INSTRUCTIONS FOR THE TASK | Nothing but the text should be carried over: reproduce all the data exactly and leave out every image.

__________

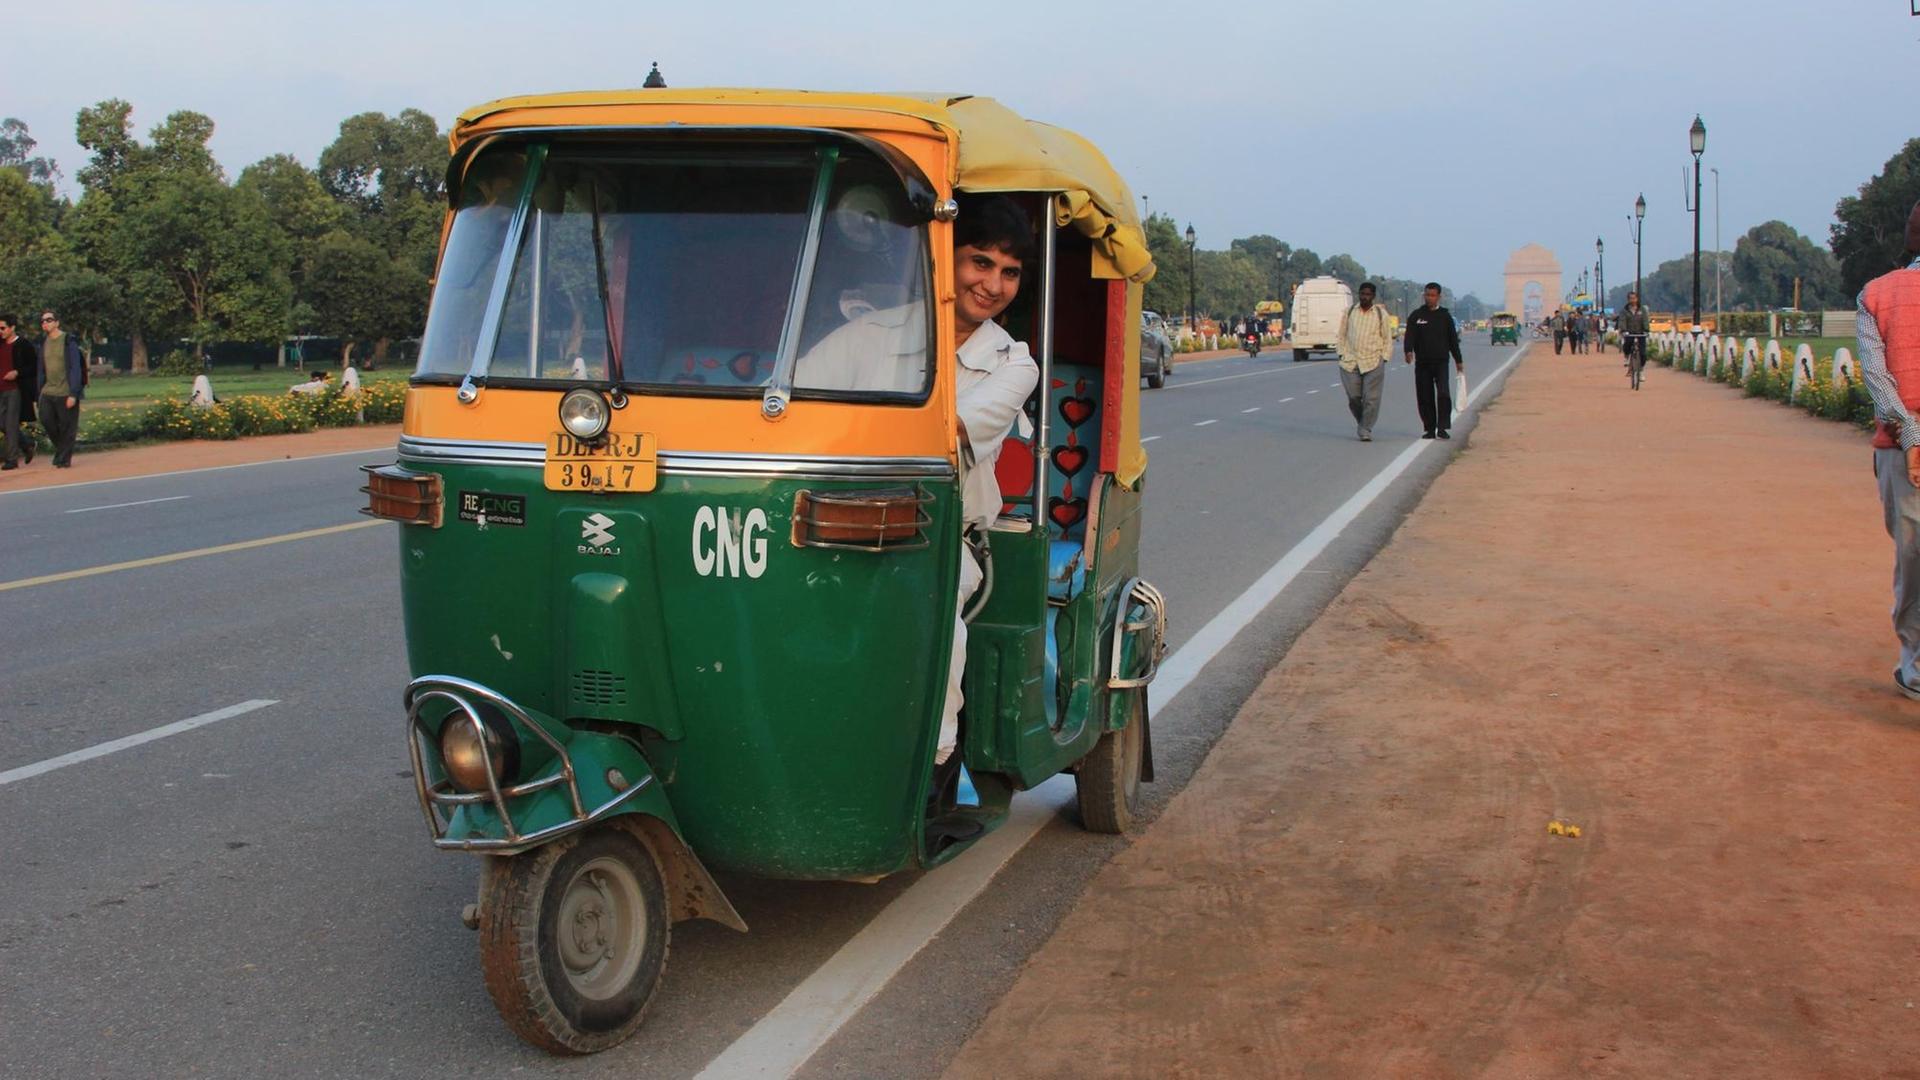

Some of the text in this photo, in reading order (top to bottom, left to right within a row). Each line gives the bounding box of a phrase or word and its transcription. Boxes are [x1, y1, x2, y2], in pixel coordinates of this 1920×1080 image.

[562, 464, 635, 488] 3917
[464, 494, 520, 513] RE CNG
[577, 545, 621, 555] BAJAJ
[692, 505, 768, 578] CNG

__________

SOLUTION TO THIS EXERCISE |
Some of the text in this photo, in reading order (top to bottom, left to right within a row). Each line gives the bounding box of a phrase or word and its transcription. Boxes are [x1, y1, x2, y2], in pixel coordinates of this 1920×1080 image.

[562, 464, 635, 488] 3917
[464, 494, 520, 513] RE CNG
[577, 545, 621, 555] BAJAJ
[692, 505, 768, 578] CNG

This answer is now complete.